Dans une vidéo YouTube, le Dr Nick Norwitz, étudiant en médecine à Harvard et titulaire d'un doctorat en métabolisme cérébral de l’Université d'Oxford, partage son expérience audacieuse : consommer 720 œufs en l'espace d'un mois pour déterminer les effets sur son taux de cholestérol.
Les œufs, très riches en cholestérol – environ 186 milligrammes par unité – font l'objet de débats intenses depuis des décennies. Une étude de 2019 publiée dans la revue JAMA a établi un lien modéré entre la consommation d'œufs et des aliments riches en cholestérol, tels que la viande rouge, et le risque de maladies cardiovasculaires. De ce fait, plusieurs institutions, dont l’Institut de cardiologie de Montréal, recommandent de limiter leur consommation à trois ou quatre par semaine. D'autres scientifiques, cependant, soutiennent que les œufs peuvent combats le mauvais cholestérol (LDL). Selon ces experts, lorsque le cholestérol pénètre dans les intestins, il interagit avec des récepteurs cellulaires, entraînant la libération d'une hormone dite cholésine. Cette hormone se rend alors au foie pour réduire la production de LDL, participant ainsi au maintien d’un bon équilibre sanguin.
la mise à l'épreuve
Pour tester ces théories, le Dr Norwitz a décidé de sacrifier son corps sur l’autel de la science. En intégrant 24 œufs par jour à son alimentation variée – œufs brouillés, au plat, durs et en omelette – il espérait vérifier une hypothèse. "J'ai réalisé cette expérience pour plusieurs raisons, mais surtout pour explorer une hypothèse scientifique", explique-t-il dans sa vidéo.
À la surprise générale, il déclare que son taux de LDL a diminué de 2 % après les deux premières semaines, puis de 18 % à la période suivante, malgré un apport alimentaire en cholestérol largement augmenté. "Mon cholestérol LDL a effectivement diminué, même après avoir quintuplé ma consommation", s’enthousiasme-t-il.
adapter son régime
Bien que essentiellement axé sur la consommation d'œufs, le Dr Norwitz a poursuivi son régime cétonique habituel. Ce régime, riche en graisses et pauvre en glucides, vise à réorienter l’utilisation de l'énergie dans le corps. Deux semaines après le début de son expérience, il a introduit environ 60 grammes de glucides par jour, principalement via des fruits comme les bananes et les myrtilles.
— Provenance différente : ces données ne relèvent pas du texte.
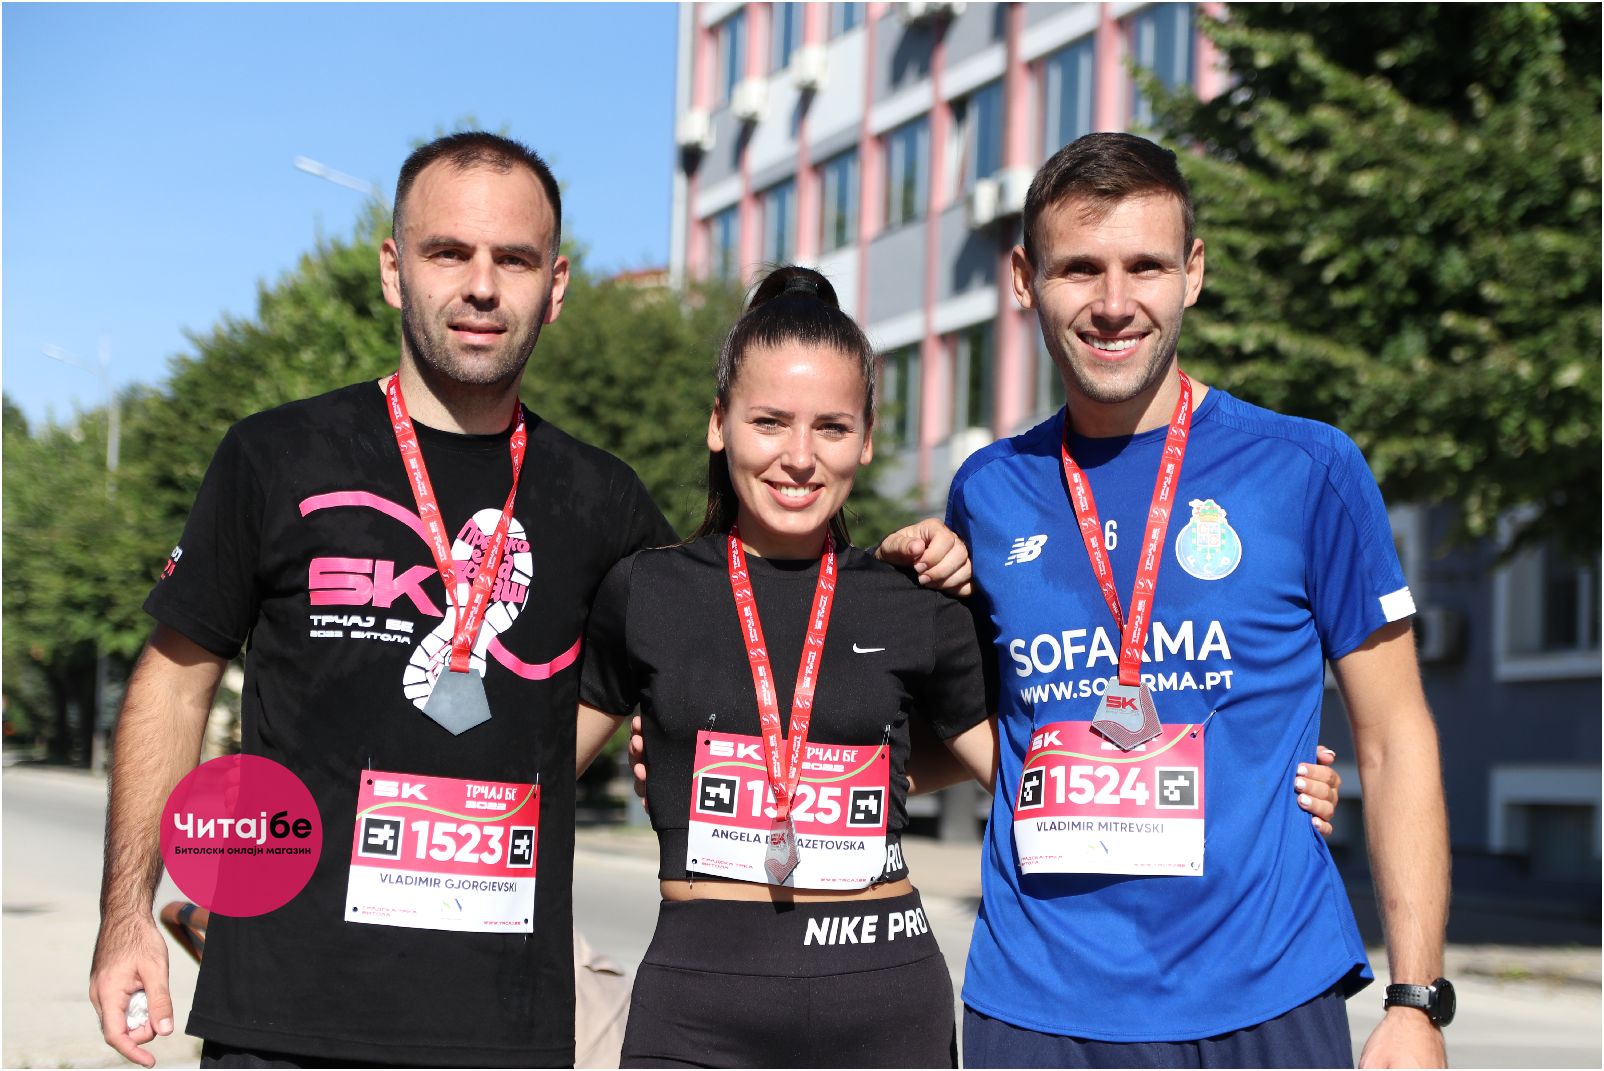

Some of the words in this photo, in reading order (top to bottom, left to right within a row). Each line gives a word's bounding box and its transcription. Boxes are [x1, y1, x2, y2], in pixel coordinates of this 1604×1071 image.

[1104, 519, 1118, 551] 6
[310, 615, 375, 627] ТРЧАЈ
[709, 740, 763, 761] 5K
[804, 746, 840, 762] РЧАЈ
[842, 750, 858, 763] БЕ
[373, 780, 428, 800] 5K
[466, 784, 502, 800] ТРЧАЈ
[505, 788, 517, 801] БЕ
[1050, 765, 1150, 806] 1524
[465, 800, 507, 811] 2022
[712, 828, 762, 844] ANGELA
[1036, 821, 1094, 832] VLADIMIR
[1098, 822, 1164, 833] MITREVSKI
[411, 820, 505, 865] 1523
[380, 873, 440, 888] VLADIMIR
[445, 878, 517, 893] GJORGIEVSKI
[804, 916, 879, 946] NIKE
[888, 907, 929, 941] PRO
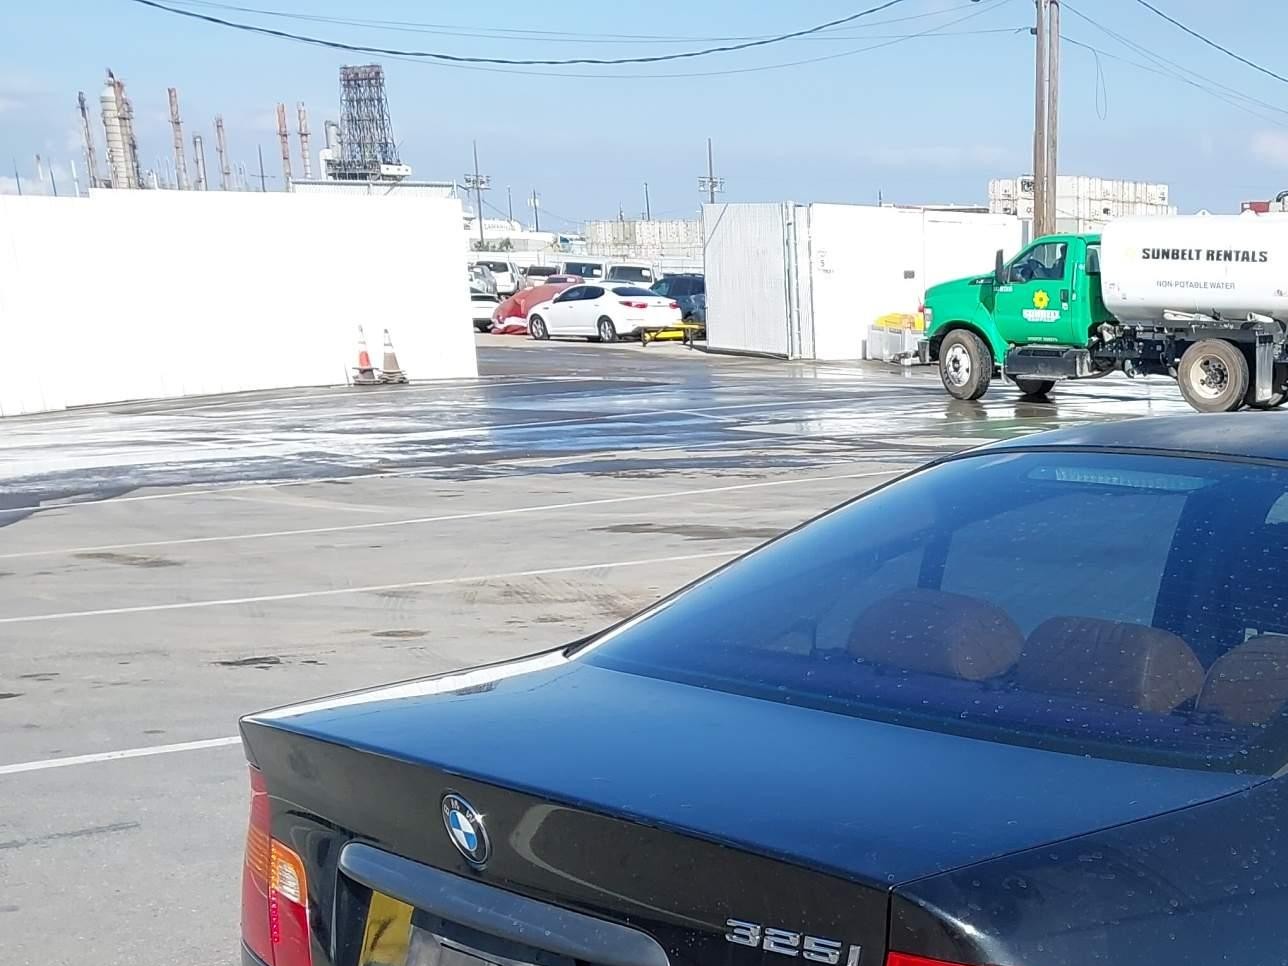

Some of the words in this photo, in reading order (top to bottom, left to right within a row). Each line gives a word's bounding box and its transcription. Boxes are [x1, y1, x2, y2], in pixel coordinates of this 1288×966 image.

[1142, 248, 1203, 261] SUNBELT
[1206, 249, 1268, 263] RENTALS
[443, 798, 476, 824] BMW
Il explique que cette augmentation de glucides pourrait jouer un rôle dans la réduction du cholestérol, car, selon les études, un régime pauvre en glucides est souvent associé à une élévation des niveaux de LDL. Au contraire, une diète riche en glucides favoriserait une baisse de LDL, favorisant une utilisation énergétique plus efficace.
réactions des internautes
La vidéo a suscité un vif intérêt avec plus de 200 000 vues et de nombreux commentaires. "Mes grands-parents ont vécu jusqu’à près de 100 ans en consommant beaucoup d'œufs, sans jamais prendre de médicaments", note un internaute. D'autres ajoutent que leur consommation d'œufs n'a jamais eu d'impact négatif sur leur santé.
Cependant, il est essentiel de garder en perspective que cette expérience individuelle ne devrait pas être reproduite de manière inconsidérée. Les recommandations sanitaires actuelles stipulent que les personnes en bonne santé peuvent consommer jusqu'à six œufs par semaine, incluant ceux présents dans des plats comme les gâteaux ou les quiches.
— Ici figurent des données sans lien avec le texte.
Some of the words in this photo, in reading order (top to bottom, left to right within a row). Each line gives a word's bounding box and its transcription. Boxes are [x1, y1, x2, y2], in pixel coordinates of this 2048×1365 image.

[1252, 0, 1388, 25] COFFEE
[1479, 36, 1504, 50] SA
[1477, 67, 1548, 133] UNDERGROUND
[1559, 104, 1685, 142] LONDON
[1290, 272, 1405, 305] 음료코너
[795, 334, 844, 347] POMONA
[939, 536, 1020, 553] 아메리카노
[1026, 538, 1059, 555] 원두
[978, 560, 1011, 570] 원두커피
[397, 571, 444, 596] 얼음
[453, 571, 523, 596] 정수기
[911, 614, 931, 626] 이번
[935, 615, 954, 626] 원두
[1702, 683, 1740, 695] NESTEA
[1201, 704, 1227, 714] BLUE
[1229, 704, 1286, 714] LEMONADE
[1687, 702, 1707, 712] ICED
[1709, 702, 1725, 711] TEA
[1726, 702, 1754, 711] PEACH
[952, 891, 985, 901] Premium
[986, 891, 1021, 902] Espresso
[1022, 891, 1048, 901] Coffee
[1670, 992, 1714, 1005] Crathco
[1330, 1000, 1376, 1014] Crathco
prendre en compte le cholestérol
Le cholestérol joue un rôle fondamental en structurant les membranes cellulaires et en participant à la synthèse hormonale. La majorité du cholestérol nécessaire est synthétisée par le foie et le reste provient de l'alimentation.
Pour transporter le cholestérol dans le sang, deux types de lipoprotéines sont impliquées : les HDL, qui préviennent l’accumulation de plaques d’athérosclérose, et les LDL, qui peuvent entraîner de tels dépôts sur les artères. L'Assurance maladie fixe des seuils de cholestérol : idéalement, le cholestérol total doit être inférieur à 2 g/l, tandis que celui des HDL devrait excéder 0,4 g/l.